Jantung Alinea berdegup tak karuan mendengar permintaan Ales, tak mau berkoordinasi dengan baik. Empat tahun bekerja di maskapai yang sama, beberapa kali saling bertemu, baru kali ini rasanya Alinea mengenal sosok Ales sampai sedekat ini. Pipi gadis itu panas rasanya, sama sekali tidak mengantisipasi hal tersebut.

"Oke, Capt". Balas Alinea reflek.

"Ales". Koreksi Ales.

"Iya, Ales". Jawab Alinea lagi.

Di saat bersamaan, segerombolan orang berbaju hitam memasuki cafe, membuat beberapa orang didalam yang sedang bercengkrama mengalihkan perhatiannya. Tidak lama dari itu, seorang gadis dengan penampilan yang elegan masuk kedalam cafe, gadis itu memiliki aura yang sangat memikat. Beberapa pasang mata tak lepas menatap kearahnya.

Dengan balutan dress hitam sebatas paha dan riasan seadanya, ia terlihat berkilau. Beberapa pengunjung cafe tak henti memandang kearahnya, memutar lehernya hingga tak lagi mengenal malu. Dengan didampingi beberapa orang lagi di sekitarnya, gadis itu duduk di salah satu sudut yang memang sudah terisi. Desas-desus pengunjung langsung ramai membisikkan namanya ;

Oceana.

———

Sean dan El duduk di salah satu bangku yang memang sudah direservasi sebelumnya oleh pihak client. Meeting mendadak ini terjadi karena keinginan salah satu brand high end memiliki Sean sebagai Brand Ambassadornya. Perlu waktu yang cukup lama bagi El untuk membujuk sang gadis yang moodnya sedang kurang baik itu. Bahkan, El sampai harus memberinya libur tambahan di jadwal demi menyeretnya keluar dari kamar hotel.

Matanya yang lumayan bengkak itu sengaja ditutupi dengan riasan mata gelap, membuatnya tertutup. Siapapun yang melihat Sean sekarang pasti merasakan aura intimidasi itu darinya. Beberapa orang sengaja memotret Sean dari mejanya, membuat kumpulan bodyguard Sean harus bekerja keras menjaga privasi artisnya.

"We have a really high expectation that you can consider us". Ucap salah seorang dari sisi client Sean.

Mood sang gadis benar-benar sedang buruk, ia bahkan tak menjaga ekspresinya sama sekali. Sebagian besar meeting kali ini ia serahkan pada El.

"I want soup". Tiba-tiba Sean berkata.

Semua yang tengah mengobrol serius di meja tersebut langsung menoleh kearahnya, terutama El yang langsung memelototinya.

Salah seorang bodyguard mendekat pada Sean dan menanyakan pesanannya untuk segera disampaikan pada pelayan kafe.

"Just get me any kind of soup. Cepetan". Perintah Sean.

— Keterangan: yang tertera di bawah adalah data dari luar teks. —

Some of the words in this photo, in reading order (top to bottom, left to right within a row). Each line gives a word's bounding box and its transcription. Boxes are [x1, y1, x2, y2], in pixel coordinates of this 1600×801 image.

Sang bodyguard langsung bergegas menuju ke salah seorang pelayan yang sedang bersiaga di ujung ruangan.

"Can you get us soup? Corn soup or mushroom soup is fine and get it to table 86, make sure to get it ready fast cause Ms. Oceana doesn't like to wait". Ucap sang bodyguard.

Mendengar hal itu Pelayan cafe langsung mengangguk dan melesat ke dalam dapur.

———

...Ms. Oceana doesn't like to wait".

Ales yang tengah menikmati makanannya langsung terhenti. Lelaki itu tidak mungkin salah dengar.

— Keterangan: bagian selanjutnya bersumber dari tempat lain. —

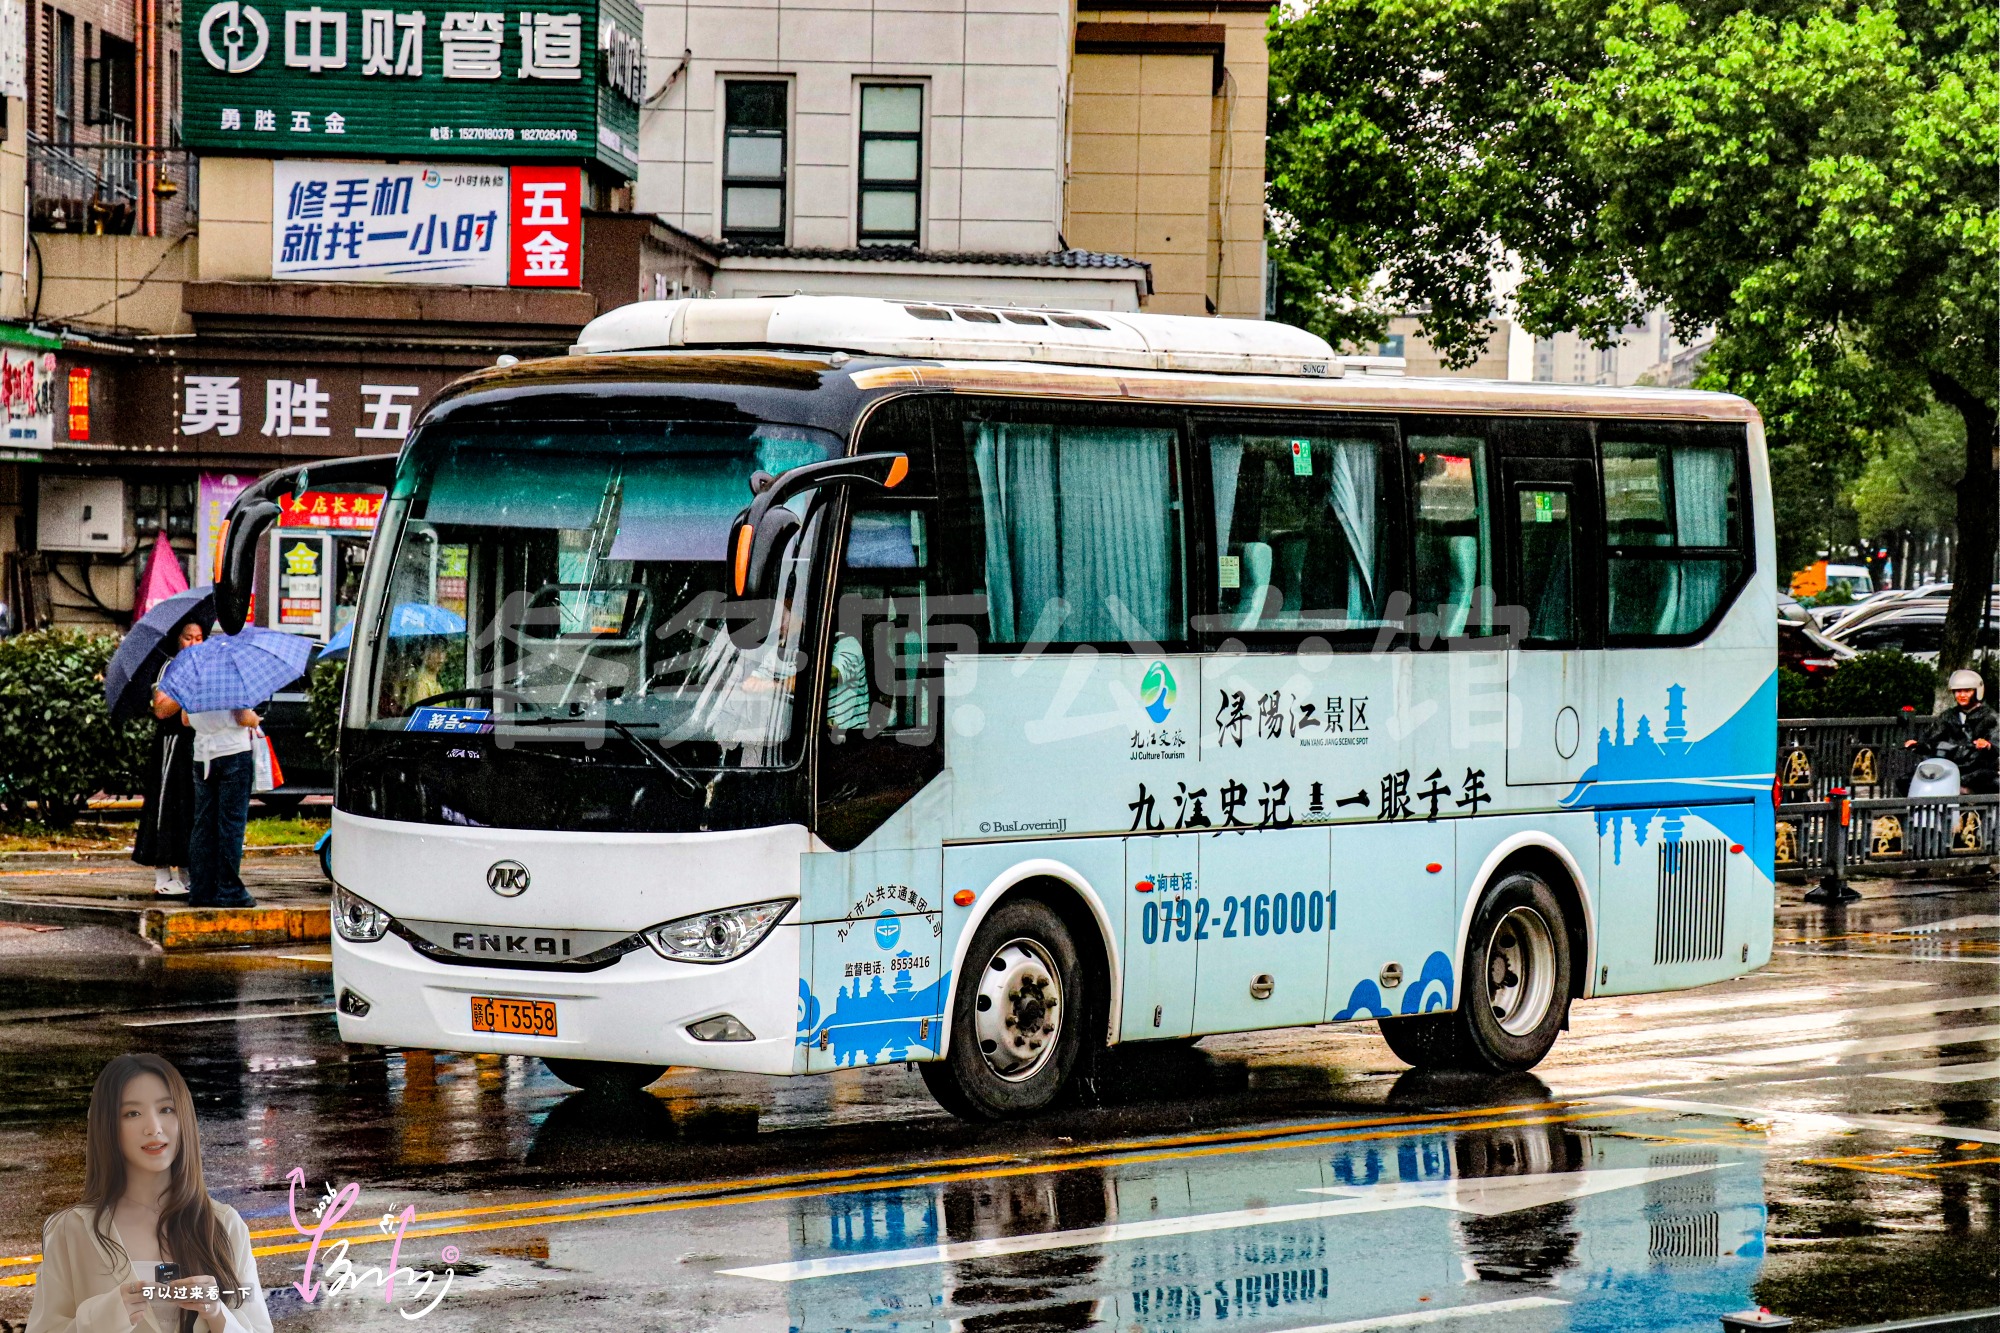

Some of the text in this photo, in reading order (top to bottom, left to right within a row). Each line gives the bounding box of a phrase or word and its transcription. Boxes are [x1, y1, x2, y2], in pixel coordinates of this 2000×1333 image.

[285, 7, 582, 79] 中财管道
[221, 108, 346, 134] 勇胜五金
[459, 128, 515, 141] 15270180378
[520, 129, 578, 141] 18270264706
[442, 174, 504, 188] 一小时快修
[287, 176, 414, 221] 修手机
[280, 210, 498, 263] 就找一小时
[521, 182, 569, 277] 五金
[284, 542, 319, 575] 金
[1138, 751, 1160, 760] Culture
[1161, 751, 1185, 759] Tourism
[1356, 737, 1368, 745] SPOT
[1128, 767, 1492, 838] 九江史记 一眼千年
[1142, 890, 1337, 944] 0792-2160001
[453, 932, 570, 956] ANKAI
[890, 956, 930, 970] 8553416

Ales menoleh, menemukan seorang dengan pakaian jas dan serba rapi berjalan kembali menuju meja yang letaknya tak jauh darinya. Dan disanalah ia.

Pupil Ales langsung membesar, seakan tak percaya dengan apa yang ditemuinya. Oceana tengah duduk disana, dengan penampilan yang bukan main memukaunya. Entah kebetulan jenis apa ini, karena mata Ales bahkan tak mampu bergerak dari sana.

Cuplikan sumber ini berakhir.